## Task prompt:
The listing that follows is to be repeated exactly.

## Data to examine:

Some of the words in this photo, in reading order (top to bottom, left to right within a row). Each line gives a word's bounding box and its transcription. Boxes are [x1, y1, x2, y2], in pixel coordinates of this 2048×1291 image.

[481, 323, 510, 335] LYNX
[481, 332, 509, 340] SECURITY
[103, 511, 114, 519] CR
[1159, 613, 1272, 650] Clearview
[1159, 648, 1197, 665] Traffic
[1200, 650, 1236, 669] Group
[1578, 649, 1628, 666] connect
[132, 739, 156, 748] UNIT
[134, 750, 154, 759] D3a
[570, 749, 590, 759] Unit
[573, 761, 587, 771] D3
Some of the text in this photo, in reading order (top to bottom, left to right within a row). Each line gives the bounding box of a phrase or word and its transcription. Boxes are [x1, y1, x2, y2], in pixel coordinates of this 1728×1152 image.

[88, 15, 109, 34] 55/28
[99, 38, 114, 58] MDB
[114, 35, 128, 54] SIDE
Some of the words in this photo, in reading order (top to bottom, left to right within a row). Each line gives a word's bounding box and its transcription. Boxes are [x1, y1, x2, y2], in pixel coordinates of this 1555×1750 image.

## Solution to this problem:
Some of the words in this photo, in reading order (top to bottom, left to right within a row). Each line gives a word's bounding box and its transcription. Boxes are [x1, y1, x2, y2], in pixel coordinates of this 2048×1291 image.

[481, 323, 510, 335] LYNX
[481, 332, 509, 340] SECURITY
[103, 511, 114, 519] CR
[1159, 613, 1272, 650] Clearview
[1159, 648, 1197, 665] Traffic
[1200, 650, 1236, 669] Group
[1578, 649, 1628, 666] connect
[132, 739, 156, 748] UNIT
[134, 750, 154, 759] D3a
[570, 749, 590, 759] Unit
[573, 761, 587, 771] D3
Some of the text in this photo, in reading order (top to bottom, left to right within a row). Each line gives the bounding box of a phrase or word and its transcription. Boxes are [x1, y1, x2, y2], in pixel coordinates of this 1728×1152 image.

[88, 15, 109, 34] 55/28
[99, 38, 114, 58] MDB
[114, 35, 128, 54] SIDE
Some of the words in this photo, in reading order (top to bottom, left to right within a row). Each line gives a word's bounding box and its transcription. Boxes are [x1, y1, x2, y2], in pixel coordinates of this 1555×1750 image.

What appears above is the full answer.